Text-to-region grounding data
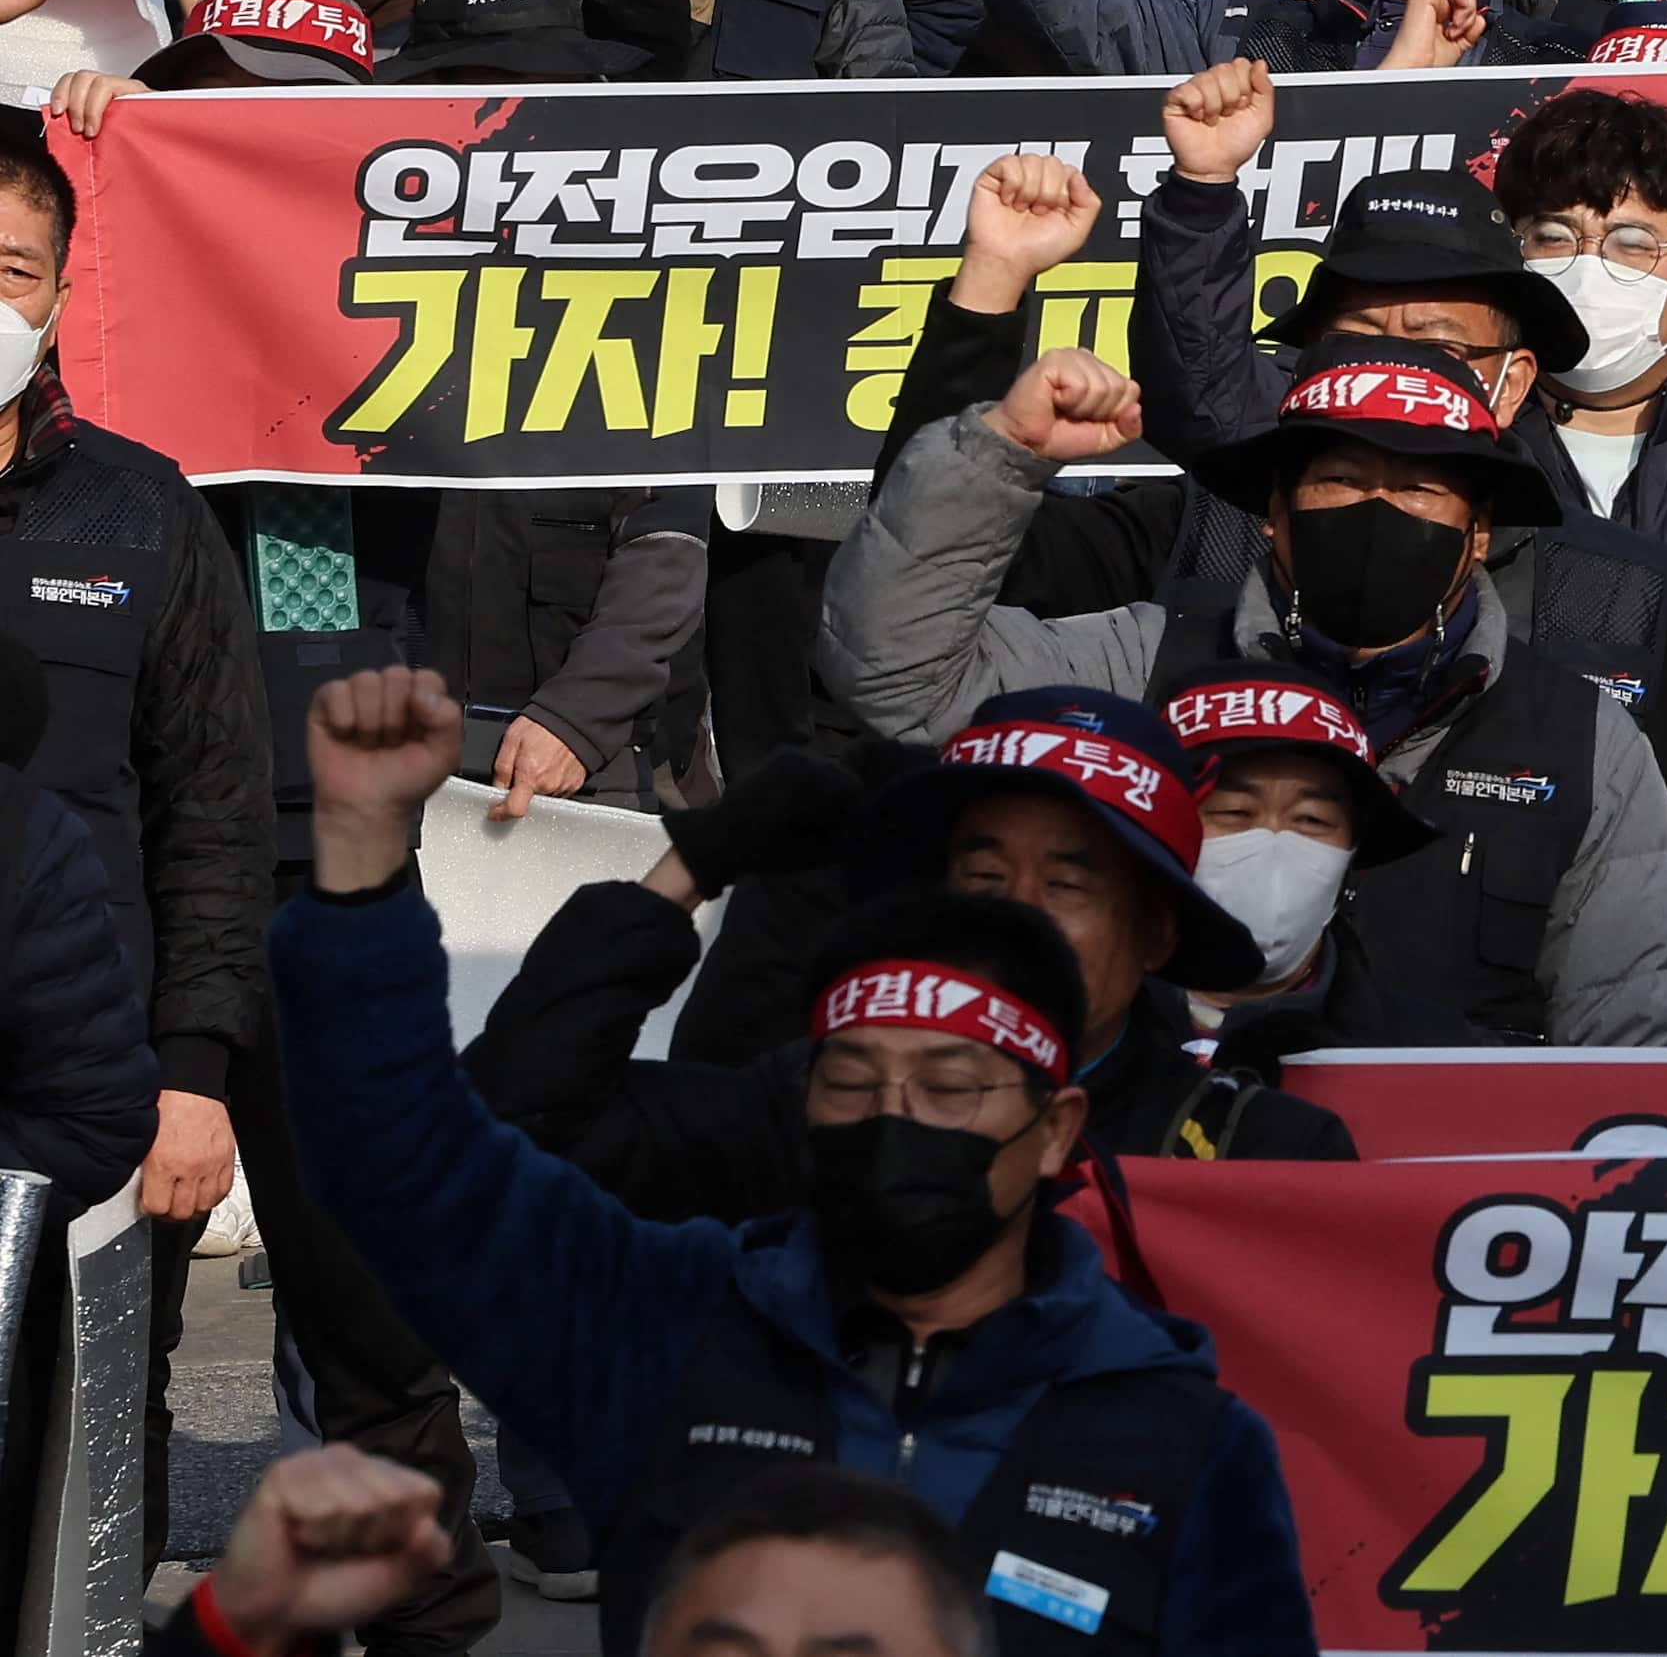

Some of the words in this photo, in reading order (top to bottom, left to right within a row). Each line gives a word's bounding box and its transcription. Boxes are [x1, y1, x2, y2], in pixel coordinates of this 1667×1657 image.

[311, 2, 369, 57] 투쟁
[340, 265, 782, 443] 가자!
[1386, 373, 1471, 430] 투쟁
[31, 585, 114, 608] 화물연대본부
[1167, 686, 1253, 736] 단결
[1060, 734, 1163, 812] 투쟁
[1445, 778, 1537, 805] 화물연대본부
[826, 969, 910, 1025] 단결
[977, 997, 1057, 1070] 투쟁
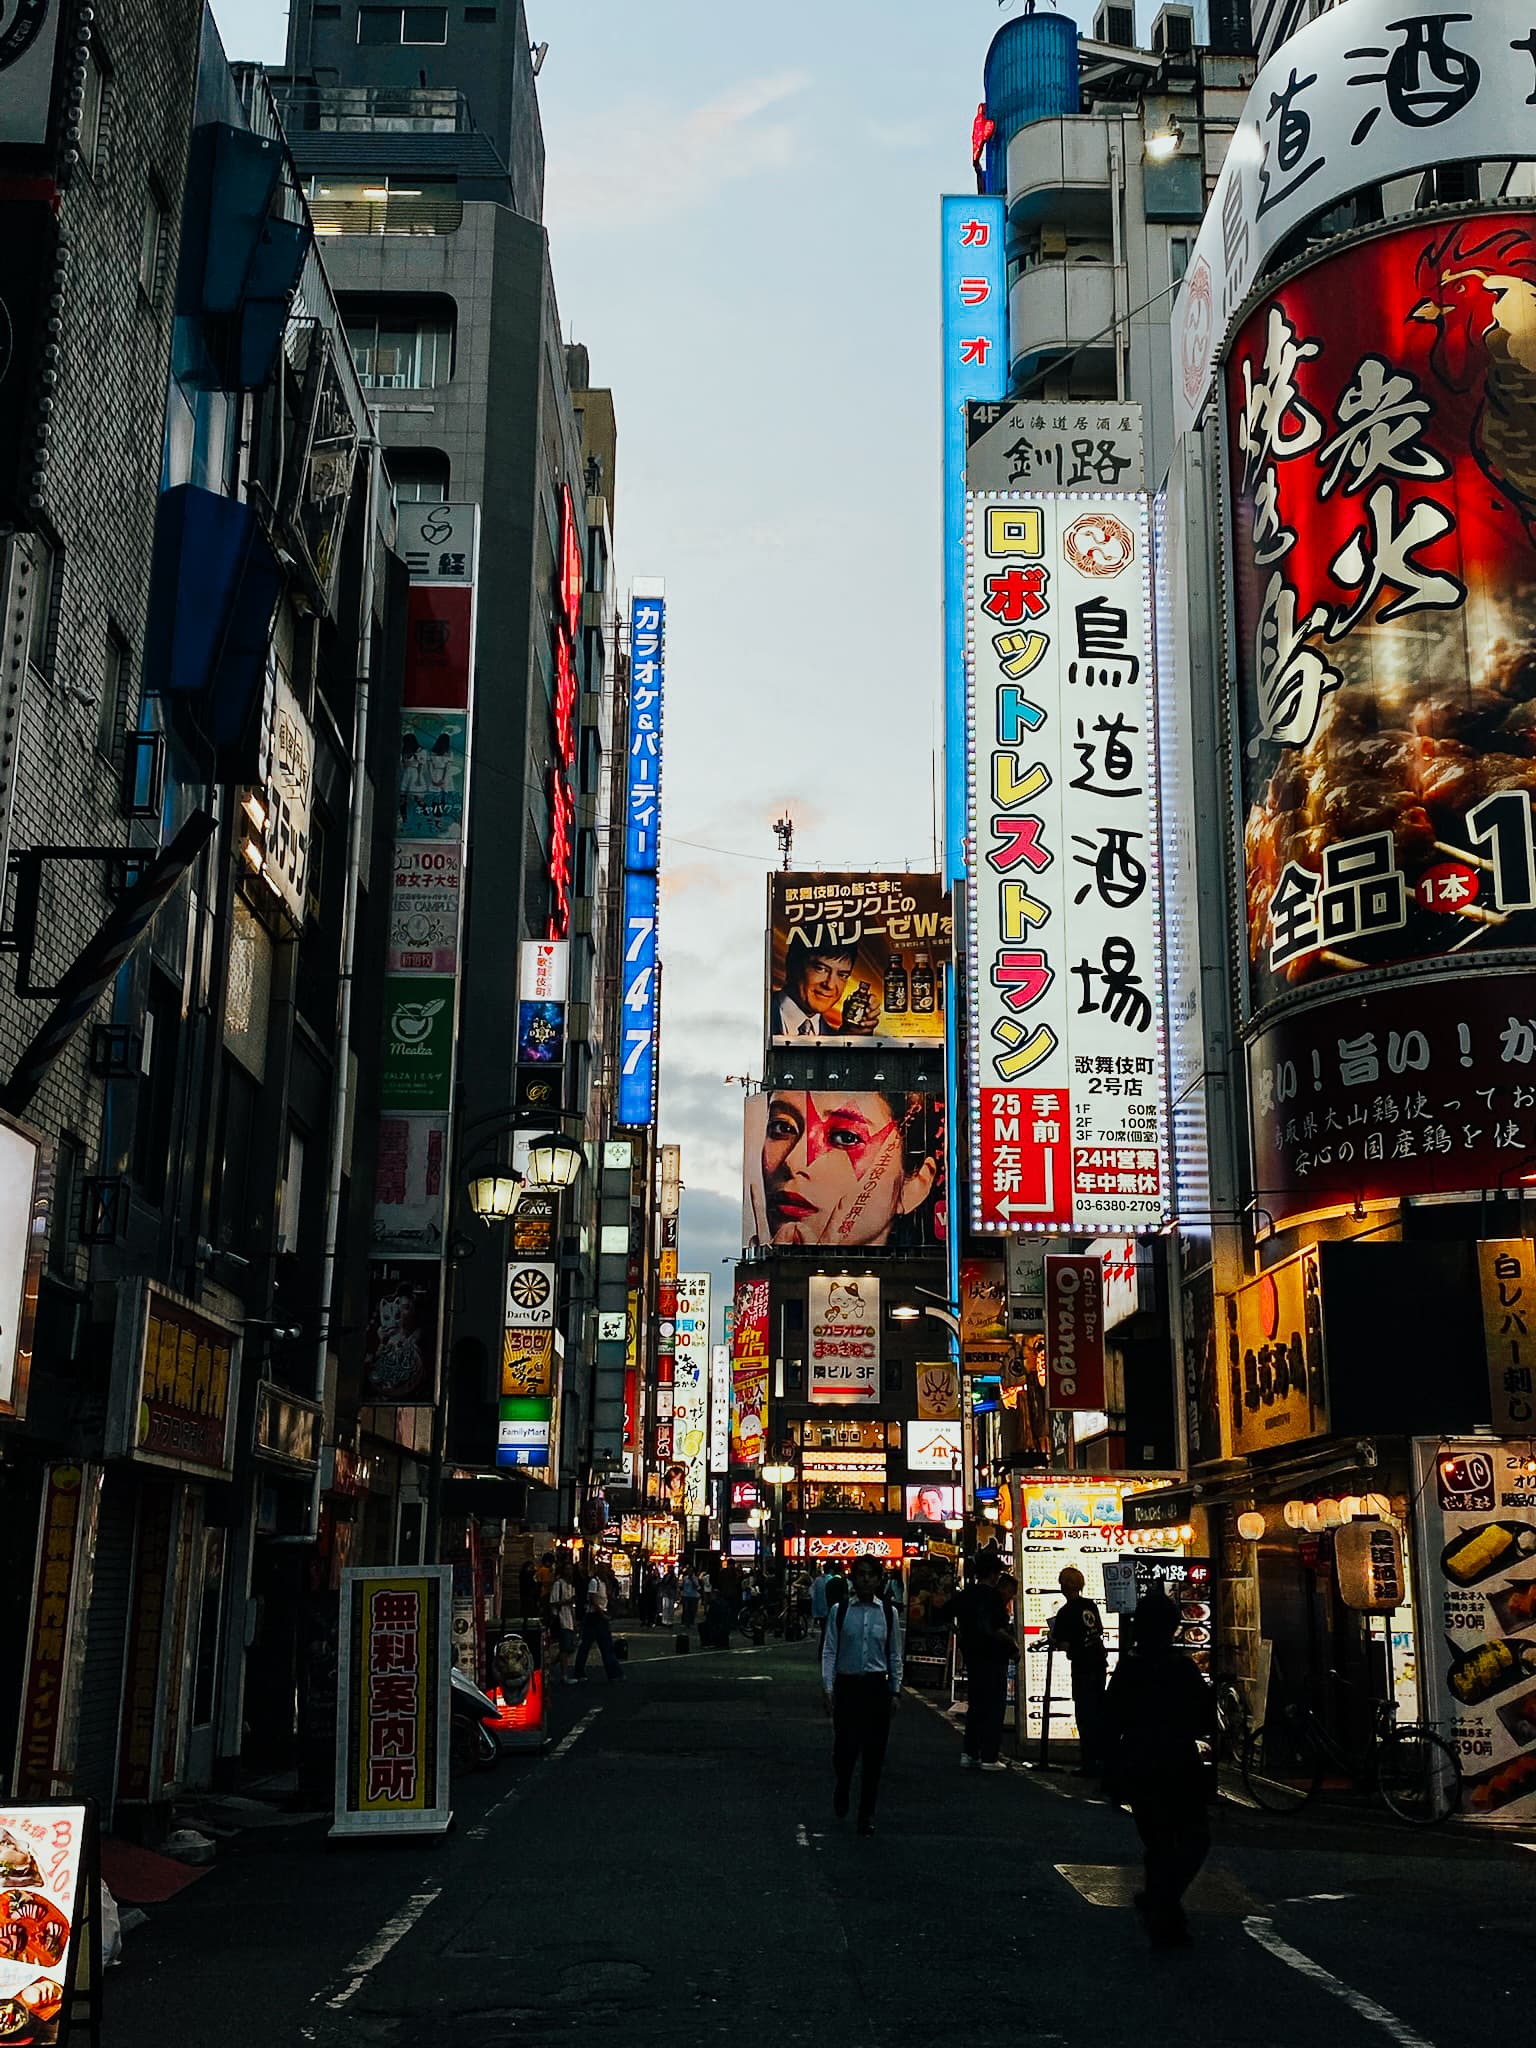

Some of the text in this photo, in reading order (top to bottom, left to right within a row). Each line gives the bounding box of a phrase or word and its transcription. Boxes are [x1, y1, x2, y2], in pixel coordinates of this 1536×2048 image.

[959, 220, 993, 364] カラオ
[972, 406, 1000, 424] 4F
[1009, 415, 1134, 433] 北海道居酒屋
[981, 505, 1059, 1082] ロボットレストラン
[1068, 596, 1153, 1033] 鳥道酒場
[393, 874, 458, 888] 役女子大生
[1420, 872, 1471, 904] 1本
[785, 895, 916, 923] ワンランク上の
[1268, 829, 1407, 973] 全品
[622, 917, 654, 1075] 747
[1074, 1055, 1155, 1076] 歌舞伎町
[1088, 1078, 1143, 1096] 2号店
[1032, 1094, 1060, 1144] 手前
[1075, 1103, 1157, 1117] 1F 60席
[1075, 1117, 1157, 1129] 2F 100席
[1076, 1130, 1093, 1141] 3F
[1076, 1149, 1159, 1171] 24H営業
[1076, 1173, 1158, 1194] 年中無休
[1076, 1199, 1161, 1213] 03-6380-2709
[531, 1310, 552, 1323] UP
[1053, 1266, 1081, 1396] Orange
[856, 1366, 875, 1379] 3F
[501, 1427, 547, 1439] FamilyMart
[1190, 1567, 1207, 1579] 4F
[369, 1591, 417, 1800] 無料案内所

● Exercise brief: The records above should be reproduced exactly, with the pictures omitted.

● Solution:
Some of the words in this photo, in reading order (top to bottom, left to right within a row). Each line gives a word's bounding box and its transcription. Boxes are [x1, y1, x2, y2], in pixel coordinates of this 1667×1657 image.

[311, 2, 369, 57] 투쟁
[340, 265, 782, 443] 가자!
[1386, 373, 1471, 430] 투쟁
[31, 585, 114, 608] 화물연대본부
[1167, 686, 1253, 736] 단결
[1060, 734, 1163, 812] 투쟁
[1445, 778, 1537, 805] 화물연대본부
[826, 969, 910, 1025] 단결
[977, 997, 1057, 1070] 투쟁

Some of the text in this photo, in reading order (top to bottom, left to right within a row). Each line gives the bounding box of a phrase or word and its transcription. Boxes are [x1, y1, x2, y2], in pixel coordinates of this 1536×2048 image.

[959, 220, 993, 364] カラオ
[972, 406, 1000, 424] 4F
[1009, 415, 1134, 433] 北海道居酒屋
[981, 505, 1059, 1082] ロボットレストラン
[1068, 596, 1153, 1033] 鳥道酒場
[393, 874, 458, 888] 役女子大生
[1420, 872, 1471, 904] 1本
[785, 895, 916, 923] ワンランク上の
[1268, 829, 1407, 973] 全品
[622, 917, 654, 1075] 747
[1074, 1055, 1155, 1076] 歌舞伎町
[1088, 1078, 1143, 1096] 2号店
[1032, 1094, 1060, 1144] 手前
[1075, 1103, 1157, 1117] 1F 60席
[1075, 1117, 1157, 1129] 2F 100席
[1076, 1130, 1093, 1141] 3F
[1076, 1149, 1159, 1171] 24H営業
[1076, 1173, 1158, 1194] 年中無休
[1076, 1199, 1161, 1213] 03-6380-2709
[531, 1310, 552, 1323] UP
[1053, 1266, 1081, 1396] Orange
[856, 1366, 875, 1379] 3F
[501, 1427, 547, 1439] FamilyMart
[1190, 1567, 1207, 1579] 4F
[369, 1591, 417, 1800] 無料案内所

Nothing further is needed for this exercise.